Now comes the debate about whether PEPFAR should be reauthorized, and that reauthorization has met with some new resistance. Evangelical groups such as the Family Research Council and conservative groups such as the Heritage Foundation are opposing reauthorization. Their concerns are many. Among them: PEPFAR funds liberal social causes overseas, such as money for abortion providers.

This resistance is a bit of a surprise, since PEPFAR has been a cause celebre among evangelicals, as a 2019 Christianity Today news story notes.

Many no doubt have supported it from a position of conscience and conviction. But it is impossible to rule out another reason for evangelical support of PEPFAR: they’ve been a significant recipient of PEPFAR funds.

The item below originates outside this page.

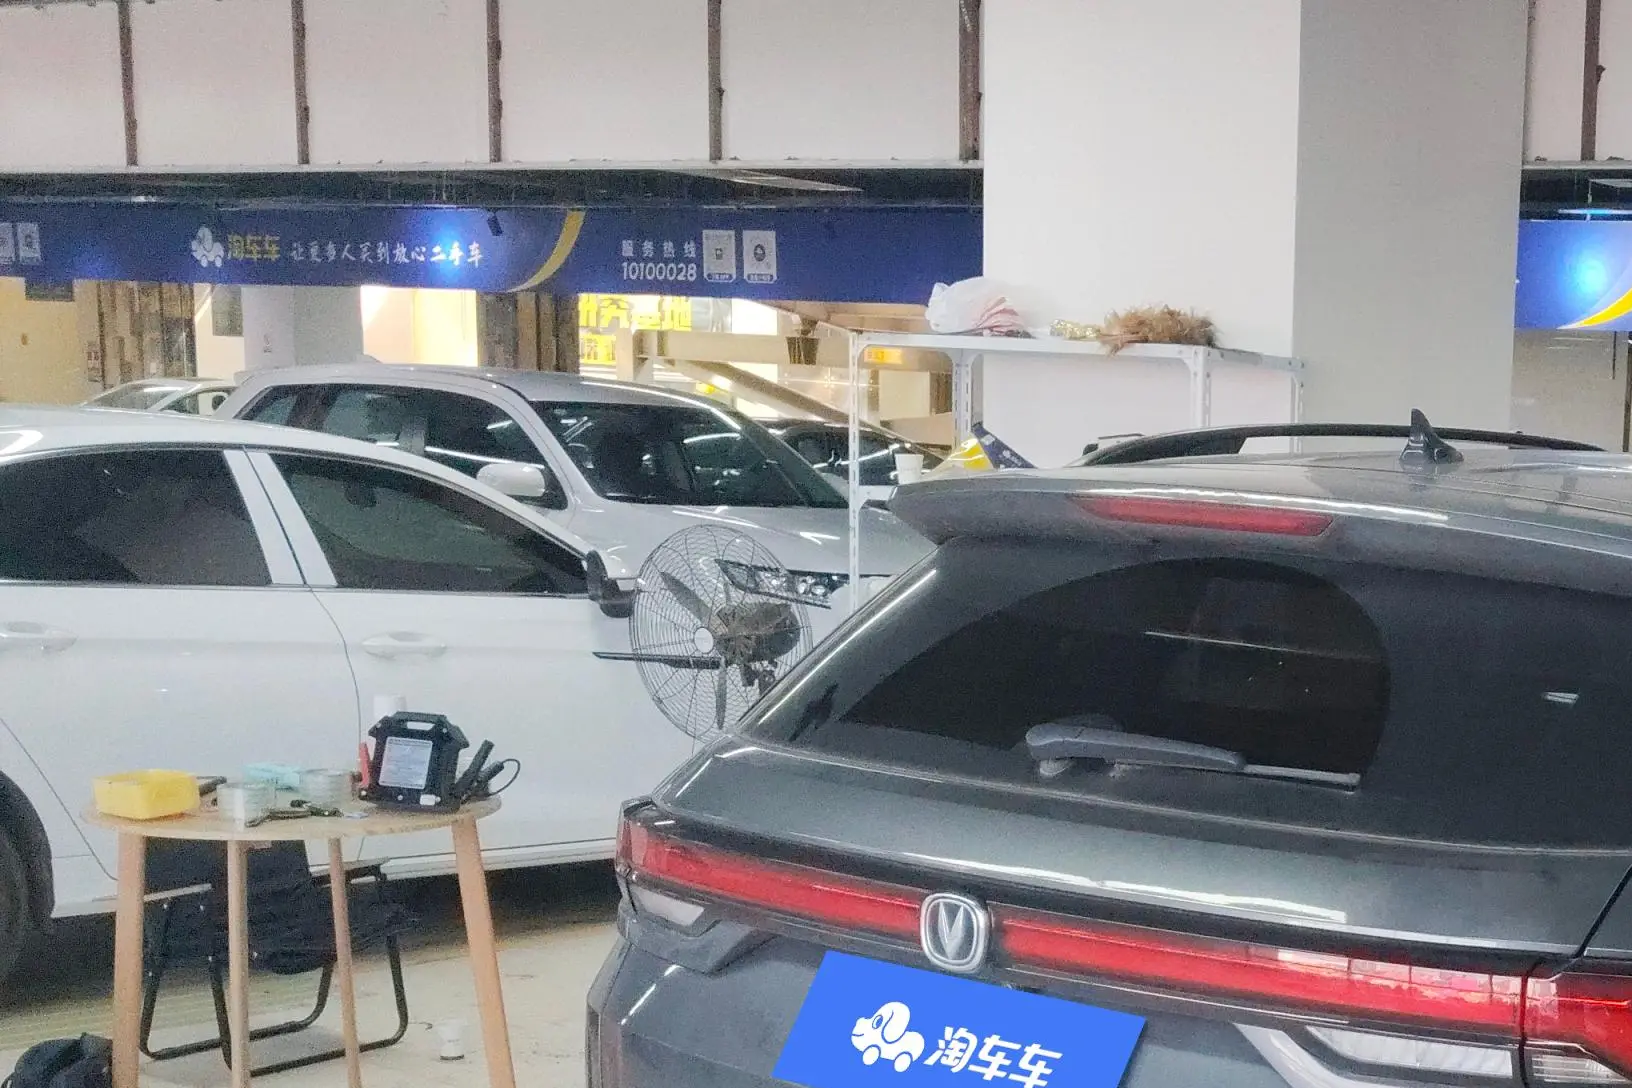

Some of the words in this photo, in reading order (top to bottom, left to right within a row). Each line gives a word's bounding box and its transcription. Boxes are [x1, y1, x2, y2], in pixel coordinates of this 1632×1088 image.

Given PEPFAR’s byzantine public disclosure records, it is nearly impossible to know precisely how much of the $85-billion has gone to Christian organizations – including World Vision, World Relief, and Food for the Hungry. But all three of these organizations, plus others, receive enough funding to now have permanent, full-time departments dedicated to the administration of PEPFAR funds. This massive outpouring of federal dollars means the financial health of these organizations and the continued funding by PEPFAR and other federal programs have become intertwined. According to the Center for Public Integrity, in 2005 alone World Vision received more than $240-million federal funds, including nearly $12-million from PEPFAR.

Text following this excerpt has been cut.